WHAT IS BEING ASKED:
Below are records that contain pictures; transcribe the text exactly and omit the pictures.

# # #

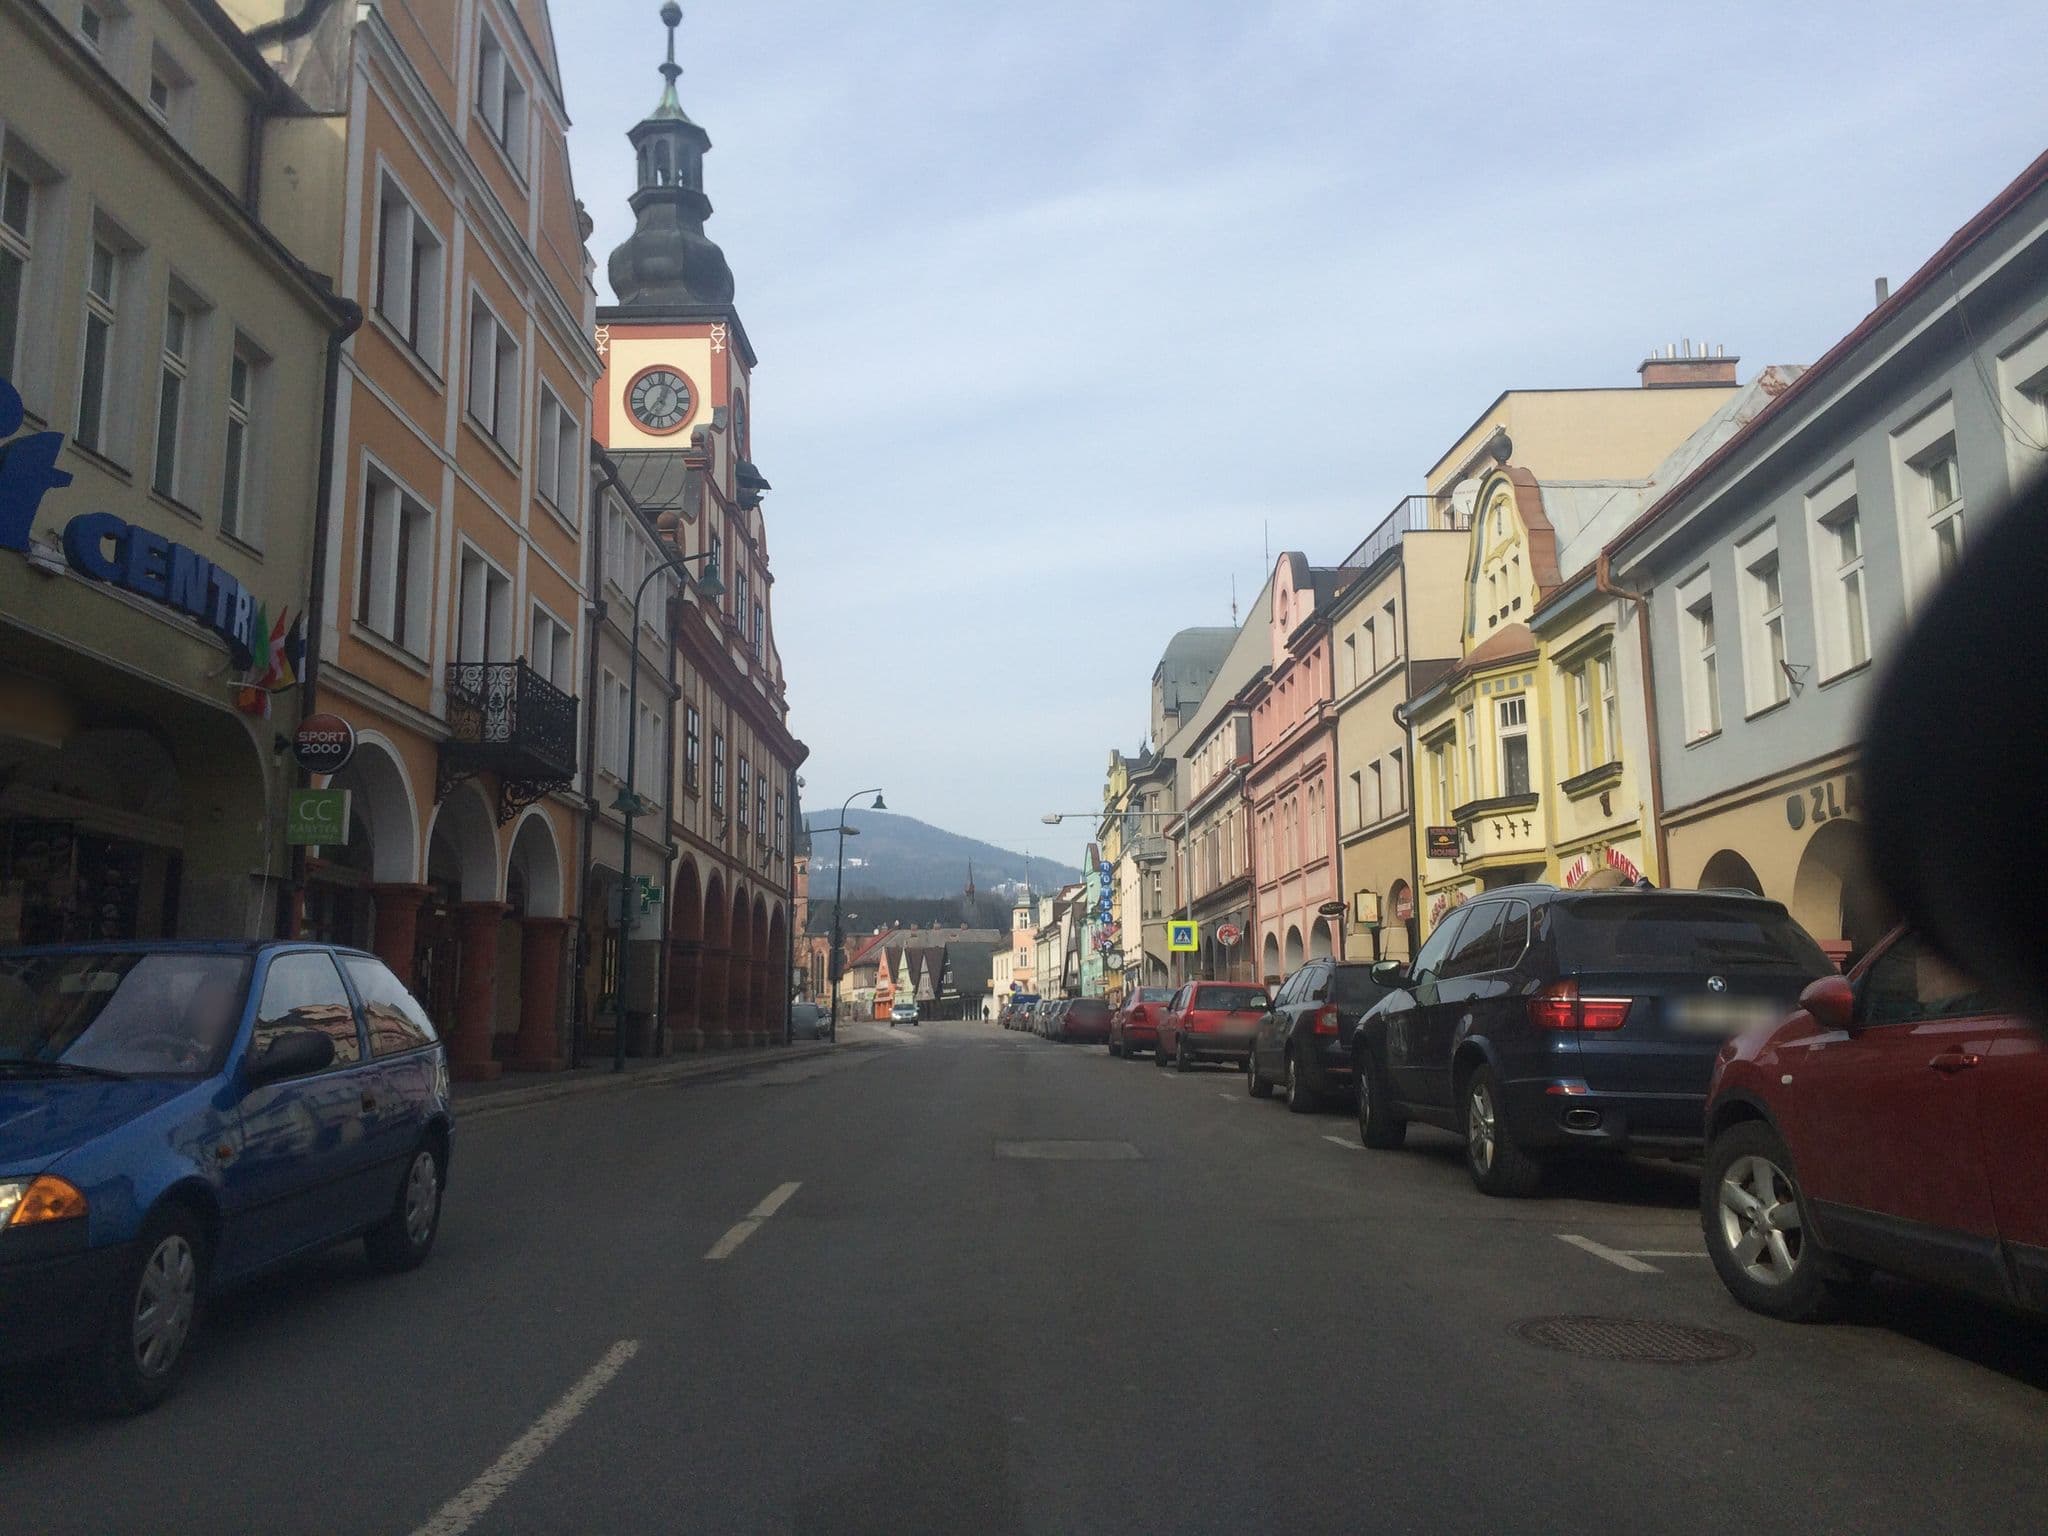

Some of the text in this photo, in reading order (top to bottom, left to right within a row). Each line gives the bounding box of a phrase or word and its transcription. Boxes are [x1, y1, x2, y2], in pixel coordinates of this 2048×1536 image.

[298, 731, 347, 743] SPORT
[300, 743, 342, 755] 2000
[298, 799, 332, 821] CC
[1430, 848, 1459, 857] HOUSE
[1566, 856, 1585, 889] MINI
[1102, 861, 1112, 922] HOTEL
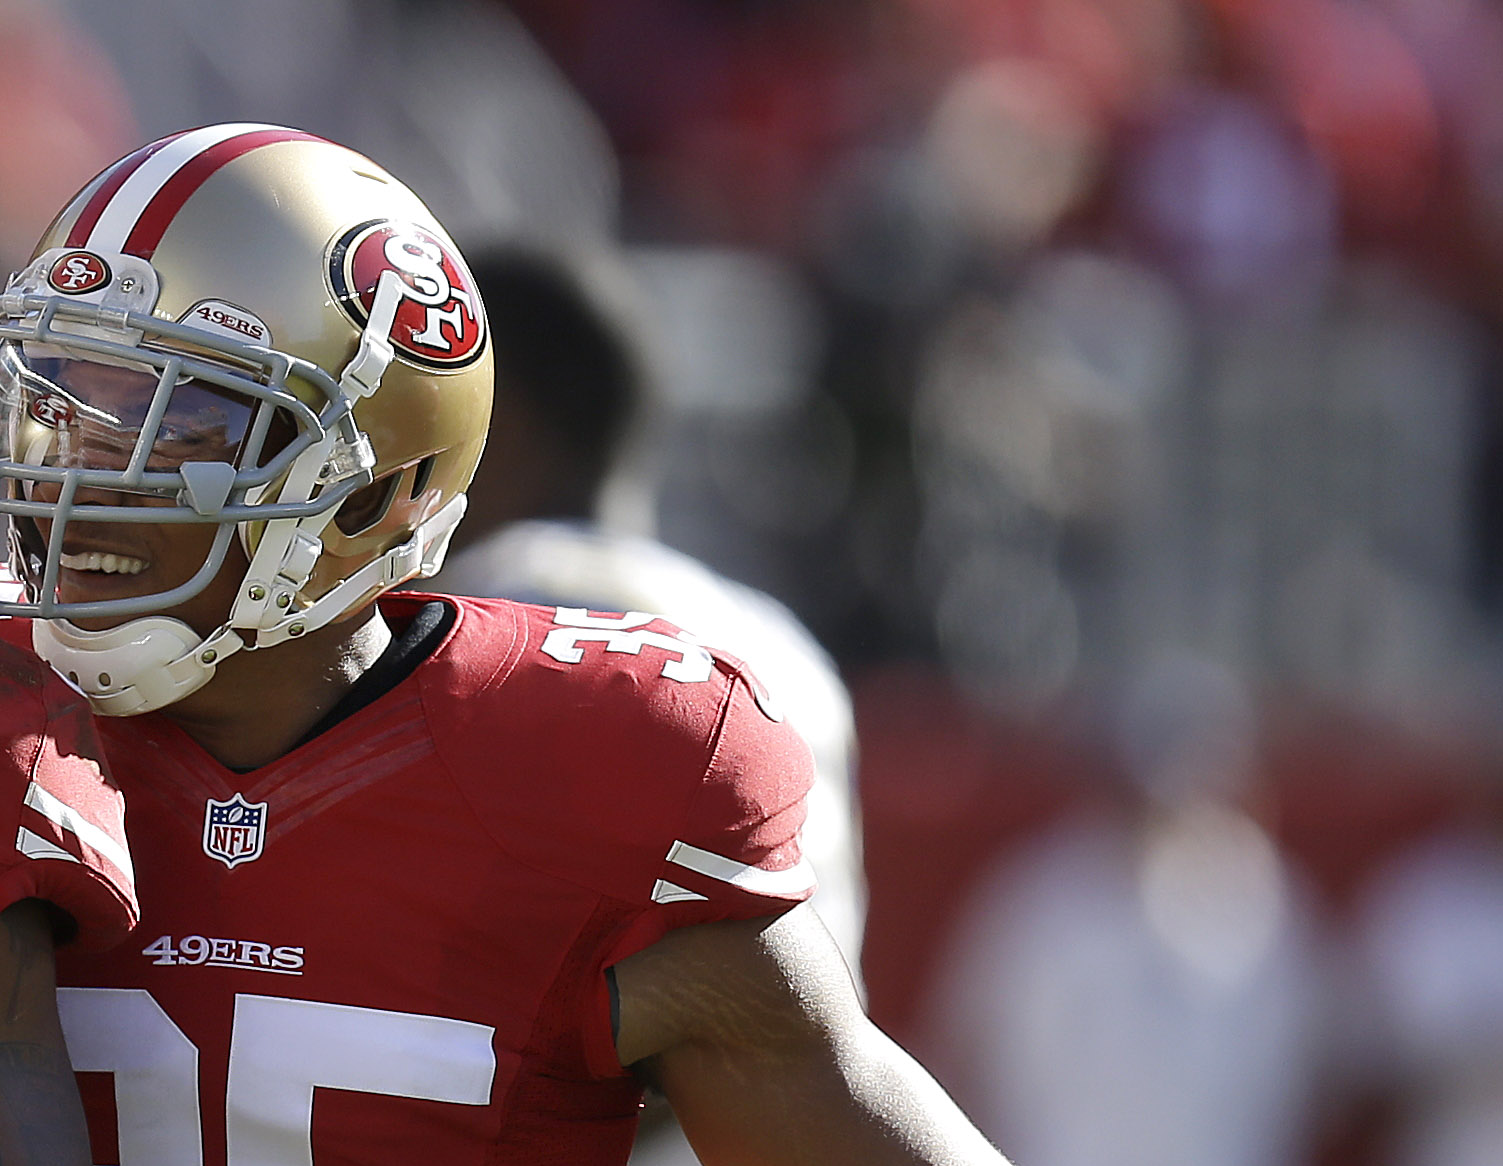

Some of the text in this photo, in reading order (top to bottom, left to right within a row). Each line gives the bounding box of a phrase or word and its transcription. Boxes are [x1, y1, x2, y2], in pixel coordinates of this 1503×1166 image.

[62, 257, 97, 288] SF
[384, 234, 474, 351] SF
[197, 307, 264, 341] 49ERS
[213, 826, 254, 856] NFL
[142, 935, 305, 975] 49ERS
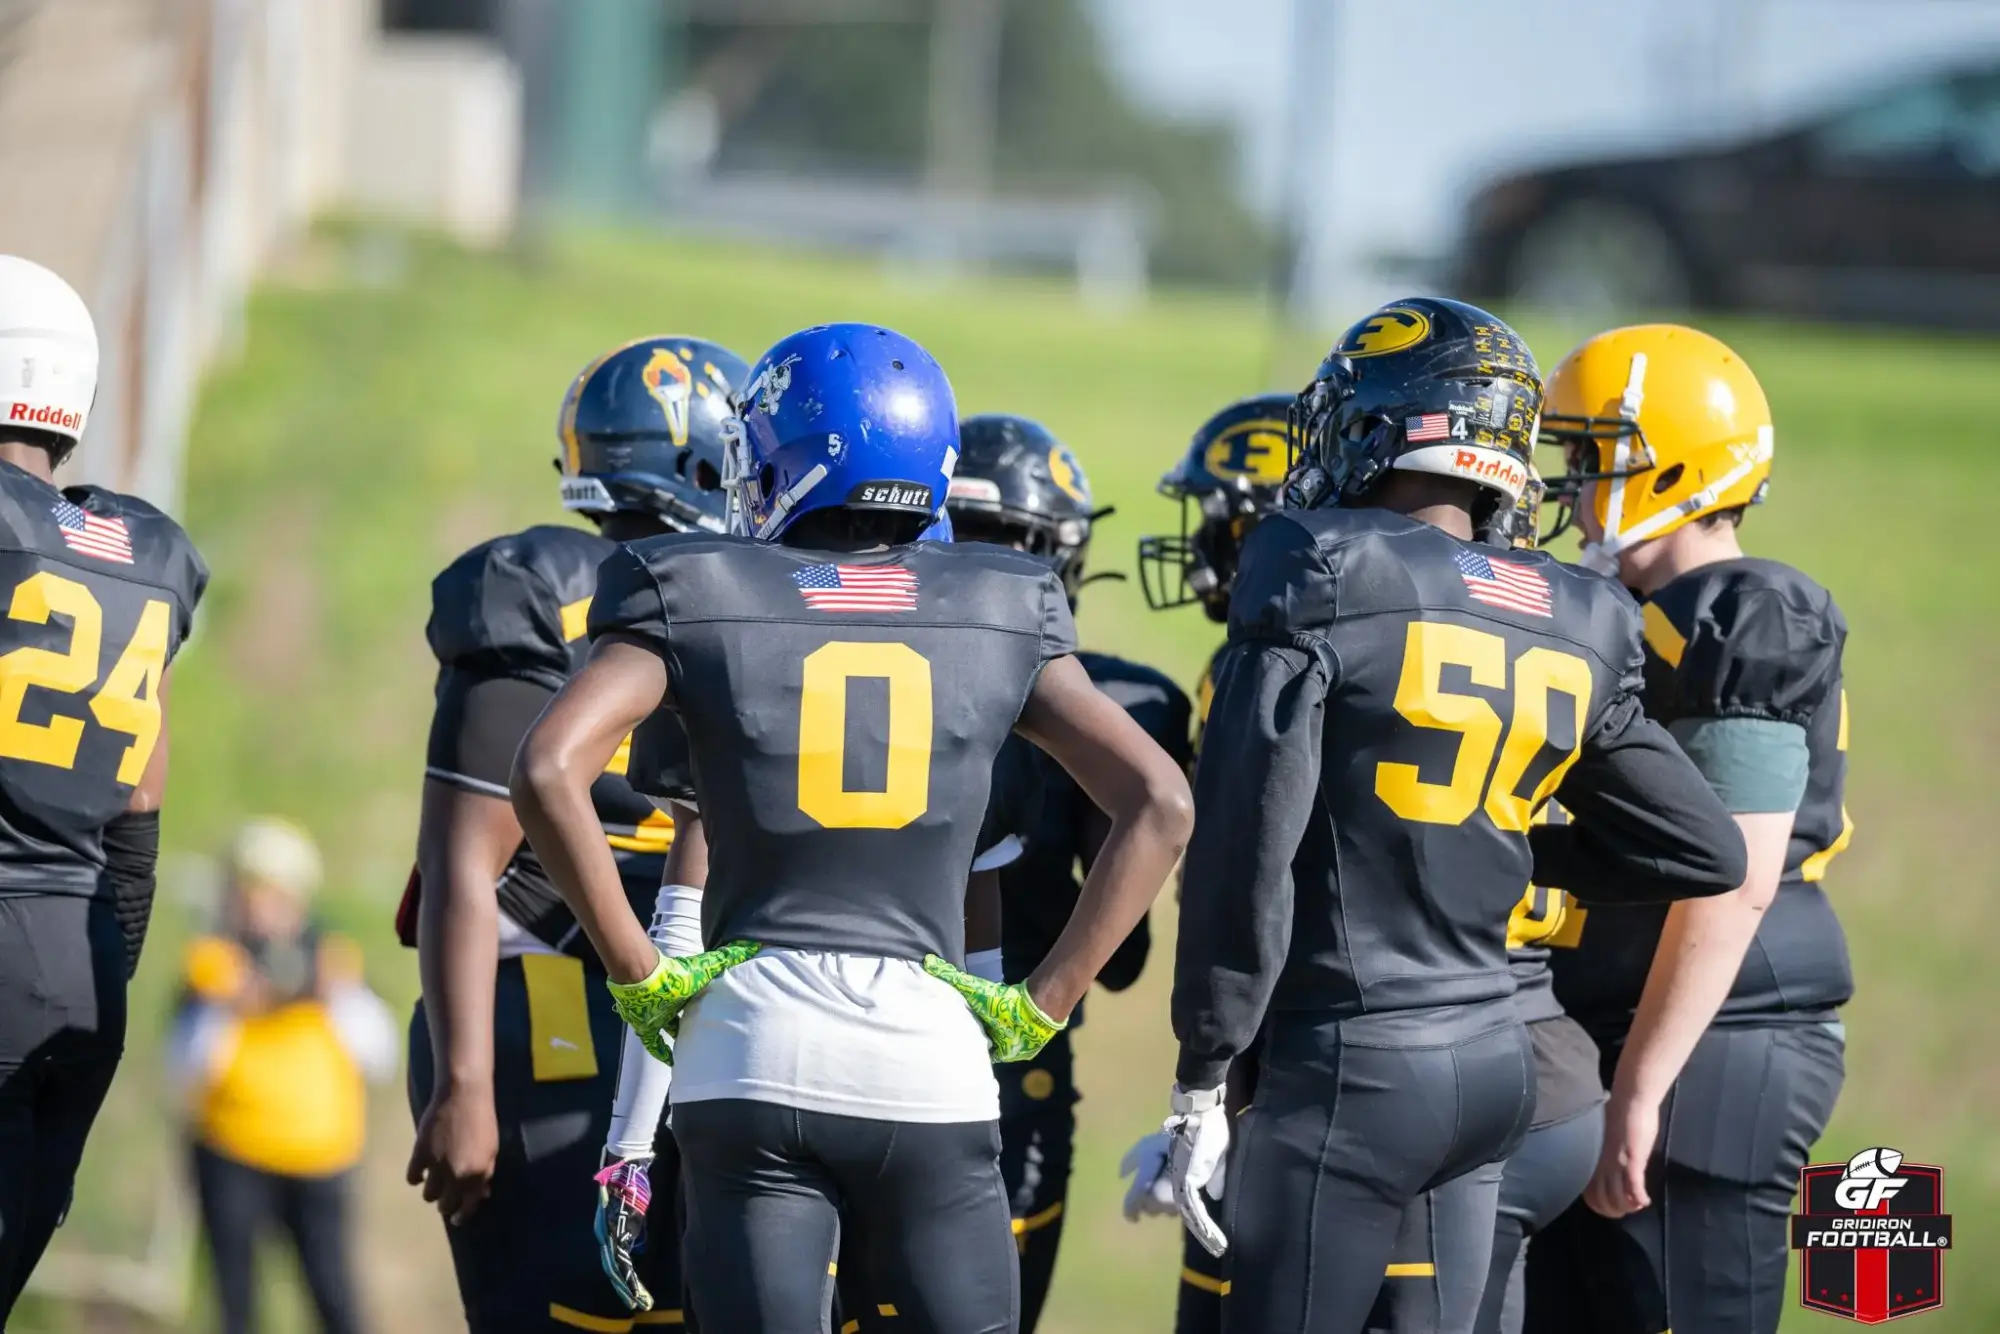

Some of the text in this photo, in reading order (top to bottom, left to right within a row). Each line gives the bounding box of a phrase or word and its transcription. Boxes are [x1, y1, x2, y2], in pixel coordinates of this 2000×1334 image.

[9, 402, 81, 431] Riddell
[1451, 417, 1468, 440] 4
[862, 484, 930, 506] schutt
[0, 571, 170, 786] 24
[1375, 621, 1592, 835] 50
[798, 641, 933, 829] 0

# # #

WRITTEN RESPONSE:
Some of the text in this photo, in reading order (top to bottom, left to right within a row). Each line gives the bounding box of a phrase or word and its transcription. Boxes are [x1, y1, x2, y2], in pixel coordinates of this 2048×1536 image.

[298, 731, 347, 743] SPORT
[300, 743, 342, 755] 2000
[298, 799, 332, 821] CC
[1430, 848, 1459, 857] HOUSE
[1566, 856, 1585, 889] MINI
[1102, 861, 1112, 922] HOTEL

Some of the text in this photo, in reading order (top to bottom, left to right within a row). Each line gives the bounding box of a phrase or word and its transcription. Boxes are [x1, y1, x2, y2], in pixel coordinates of this 1503×1166 image.

[62, 257, 97, 288] SF
[384, 234, 474, 351] SF
[197, 307, 264, 341] 49ERS
[213, 826, 254, 856] NFL
[142, 935, 305, 975] 49ERS

Some of the text in this photo, in reading order (top to bottom, left to right within a row). Each line gives the bounding box of a phrase or word and its transcription. Boxes are [x1, y1, x2, y2], in pixel coordinates of this 2000×1334 image.

[9, 402, 81, 431] Riddell
[1451, 417, 1468, 440] 4
[862, 484, 930, 506] schutt
[0, 571, 170, 786] 24
[1375, 621, 1592, 835] 50
[798, 641, 933, 829] 0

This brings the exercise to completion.